Nuray finds that one way to deal with this unwanted tete-a-tete situation is to get Samet to talk about his "liberal" and empty politics, and we are treated to one of Ceylan’s tedious scenes of talking heads. In the end, though, Nuray decides to take what fate has brought her way, reminding us that women operate on a different sense of time: "We could draw this out and waste time, or we could prevent any wastage of time right now," she says. It is a bit of a letdown to see she has capitulated to Samet’s advances so easily but then when she invites him to her bedroom, she asks him to turn off the lights in the living room as it is "too bright." One could read it as her not being confident of her disfigured body, but the way Dizdar masterfully plays it, it comes across as her not being quite happy with the option she has been given.
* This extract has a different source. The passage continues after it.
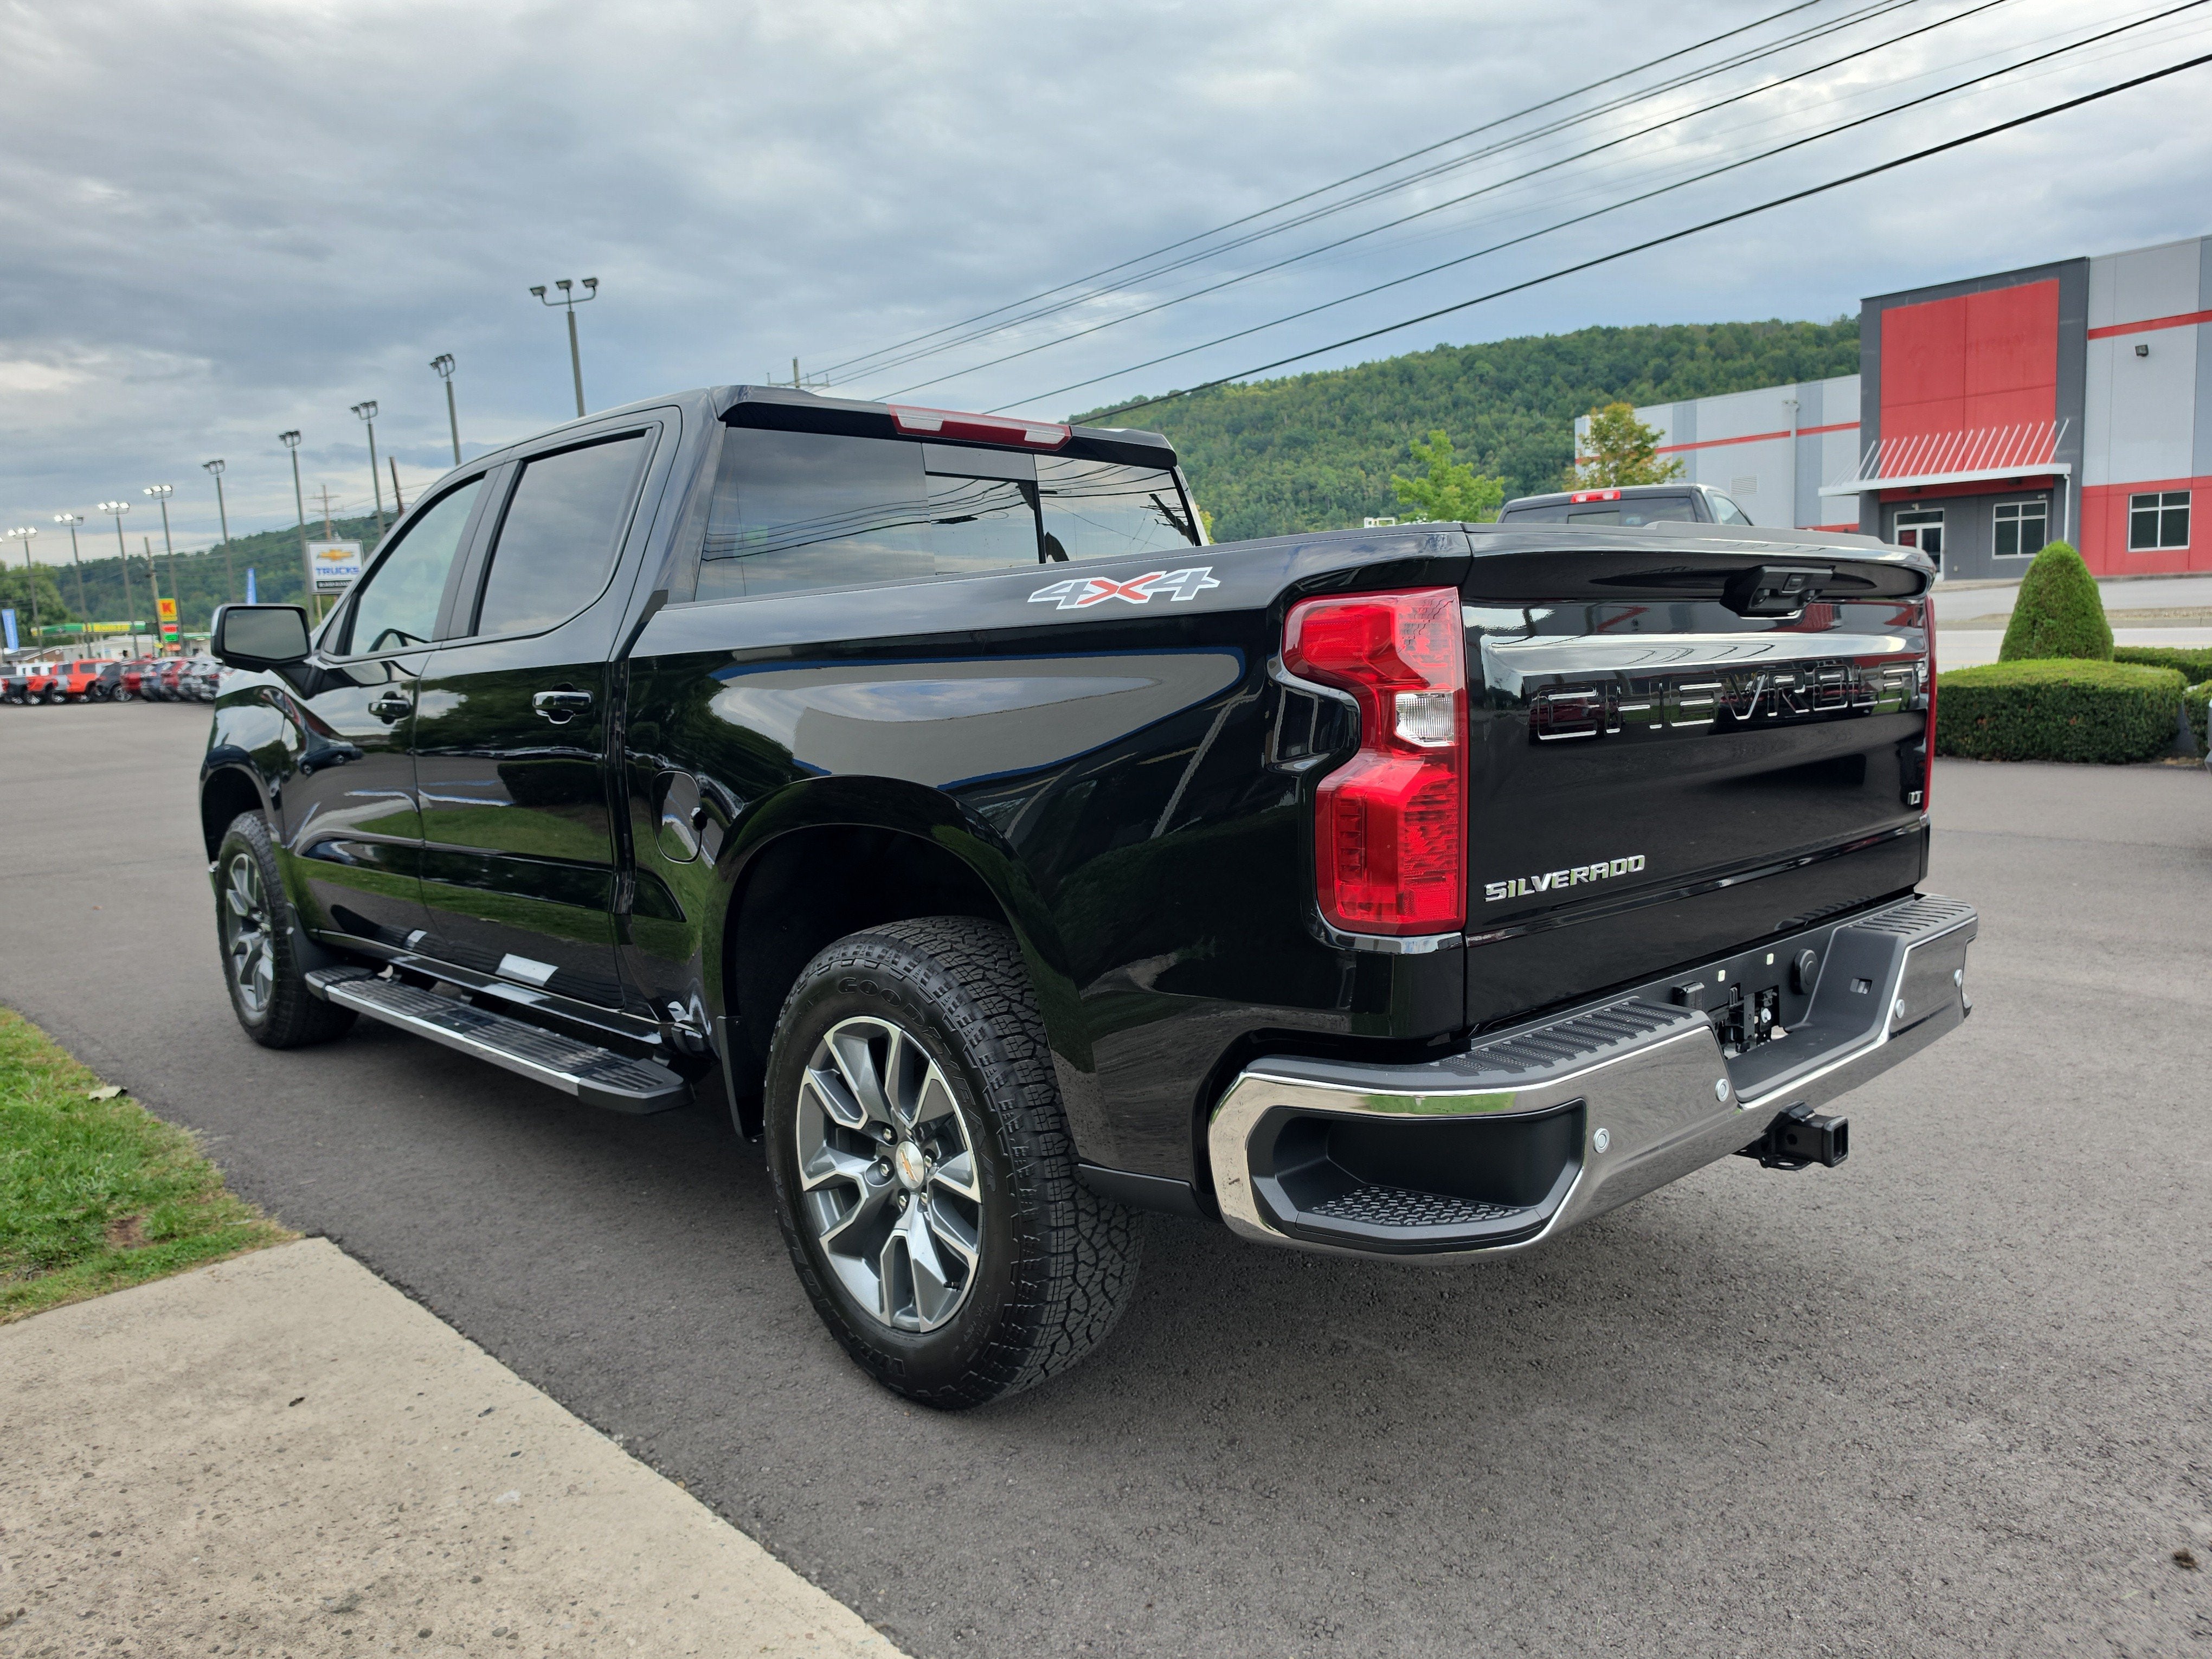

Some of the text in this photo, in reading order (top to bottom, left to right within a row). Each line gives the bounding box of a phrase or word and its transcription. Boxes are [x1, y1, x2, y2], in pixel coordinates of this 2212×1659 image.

[1537, 659, 1928, 741] CHEVROLET
[1908, 790, 1922, 805] LT
[1484, 854, 1645, 902] SILVERADO
Although Dizdar has already done all this work, Ceylan insists on revealing why she did what she did that evening. In a later scene in the film, Nuray feels the need to confront both Samet and Kenan about the evening – drives alone from the town to the village at night in fact – because Samet tells Kenan what happened, although she has explicitly asked him not to, in case you were still wondering if Samet was toxic or not. I am not a fan of Ceylan’s "tell even if you have already shown" tactics, but when Nuray says that she spent the night with Samet because as a woman who is now seen as somehow "lacking," she needs to establish who she is and what she is capable of as a woman in this battle of the sexes, I feel the moment is earned. It is the most touching moment of the film, and having said her piece she attempts to leave, but the snow will not let her. We see her in the car, with the two men, trying to make their way to the town as the snow hits the windscreen in the dark, almost the same scene her previous film appearance in "Snow and the Bear." All I ask of the film industry is please let Merve play in the sun next time you cast her.
Unfortunately, rather than end the 3 hour 20 minute film there, Ceylan insists on returning the story to Samet, to his experience of the "East" and some super cliche Orientalist narrative of finding yourself. He wishes agency and freedom for Sevim, the camera lingering on her face as snowflakes keep falling on her lashes. We really did not need this last bit of objectification of the "eastern woman" a-la-Aziyade, but there is no stopping Mr. Ceylan. Has he, hopefully, finally exhausted the urbanite loses/finds self in the provinces theme? There is a short, very strategic breaking of the fourth wall sequence in the film, and I genuinely hope this is where his cinema is going next.